Exercise>
Which lines run from the one containing "this 1288×966 image." to the end of the entries below? Reproduce them exactly, both ends included.

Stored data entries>
▼

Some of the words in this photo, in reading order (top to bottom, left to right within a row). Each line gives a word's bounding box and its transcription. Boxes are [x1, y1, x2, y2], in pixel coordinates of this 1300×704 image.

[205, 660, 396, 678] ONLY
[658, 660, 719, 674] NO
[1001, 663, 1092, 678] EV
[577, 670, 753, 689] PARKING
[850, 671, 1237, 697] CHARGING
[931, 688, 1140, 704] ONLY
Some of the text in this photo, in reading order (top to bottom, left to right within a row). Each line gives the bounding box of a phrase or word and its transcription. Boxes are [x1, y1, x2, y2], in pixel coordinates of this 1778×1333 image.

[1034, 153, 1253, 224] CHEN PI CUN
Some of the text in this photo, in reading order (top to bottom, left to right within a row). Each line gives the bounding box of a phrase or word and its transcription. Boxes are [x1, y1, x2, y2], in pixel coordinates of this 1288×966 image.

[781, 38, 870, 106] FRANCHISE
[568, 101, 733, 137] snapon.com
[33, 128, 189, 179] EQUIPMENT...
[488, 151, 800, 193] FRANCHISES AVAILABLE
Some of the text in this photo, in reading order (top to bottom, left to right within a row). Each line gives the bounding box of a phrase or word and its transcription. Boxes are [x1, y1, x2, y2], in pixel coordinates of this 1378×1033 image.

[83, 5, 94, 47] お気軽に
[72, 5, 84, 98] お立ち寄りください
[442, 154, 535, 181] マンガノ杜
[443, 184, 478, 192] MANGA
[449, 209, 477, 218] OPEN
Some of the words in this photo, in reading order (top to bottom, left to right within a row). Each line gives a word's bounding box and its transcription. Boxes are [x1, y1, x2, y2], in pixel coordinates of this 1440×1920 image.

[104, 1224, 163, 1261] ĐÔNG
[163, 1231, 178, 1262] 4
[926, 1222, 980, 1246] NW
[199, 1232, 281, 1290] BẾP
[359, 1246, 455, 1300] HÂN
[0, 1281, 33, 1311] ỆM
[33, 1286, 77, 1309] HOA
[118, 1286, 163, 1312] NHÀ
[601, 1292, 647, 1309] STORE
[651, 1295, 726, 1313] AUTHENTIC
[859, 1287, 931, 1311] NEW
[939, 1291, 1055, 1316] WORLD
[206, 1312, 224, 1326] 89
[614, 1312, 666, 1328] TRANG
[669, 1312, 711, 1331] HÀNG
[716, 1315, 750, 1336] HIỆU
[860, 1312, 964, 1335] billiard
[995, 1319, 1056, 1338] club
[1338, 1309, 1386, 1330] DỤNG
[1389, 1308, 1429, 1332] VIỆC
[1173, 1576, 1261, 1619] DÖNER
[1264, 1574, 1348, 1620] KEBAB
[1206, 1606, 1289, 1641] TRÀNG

▲

Answer section>
Some of the text in this photo, in reading order (top to bottom, left to right within a row). Each line gives the bounding box of a phrase or word and its transcription. Boxes are [x1, y1, x2, y2], in pixel coordinates of this 1288×966 image.

[781, 38, 870, 106] FRANCHISE
[568, 101, 733, 137] snapon.com
[33, 128, 189, 179] EQUIPMENT...
[488, 151, 800, 193] FRANCHISES AVAILABLE
Some of the text in this photo, in reading order (top to bottom, left to right within a row). Each line gives the bounding box of a phrase or word and its transcription. Boxes are [x1, y1, x2, y2], in pixel coordinates of this 1378×1033 image.

[83, 5, 94, 47] お気軽に
[72, 5, 84, 98] お立ち寄りください
[442, 154, 535, 181] マンガノ杜
[443, 184, 478, 192] MANGA
[449, 209, 477, 218] OPEN
Some of the words in this photo, in reading order (top to bottom, left to right within a row). Each line gives a word's bounding box and its transcription. Boxes are [x1, y1, x2, y2], in pixel coordinates of this 1440×1920 image.

[104, 1224, 163, 1261] ĐÔNG
[163, 1231, 178, 1262] 4
[926, 1222, 980, 1246] NW
[199, 1232, 281, 1290] BẾP
[359, 1246, 455, 1300] HÂN
[0, 1281, 33, 1311] ỆM
[33, 1286, 77, 1309] HOA
[118, 1286, 163, 1312] NHÀ
[601, 1292, 647, 1309] STORE
[651, 1295, 726, 1313] AUTHENTIC
[859, 1287, 931, 1311] NEW
[939, 1291, 1055, 1316] WORLD
[206, 1312, 224, 1326] 89
[614, 1312, 666, 1328] TRANG
[669, 1312, 711, 1331] HÀNG
[716, 1315, 750, 1336] HIỆU
[860, 1312, 964, 1335] billiard
[995, 1319, 1056, 1338] club
[1338, 1309, 1386, 1330] DỤNG
[1389, 1308, 1429, 1332] VIỆC
[1173, 1576, 1261, 1619] DÖNER
[1264, 1574, 1348, 1620] KEBAB
[1206, 1606, 1289, 1641] TRÀNG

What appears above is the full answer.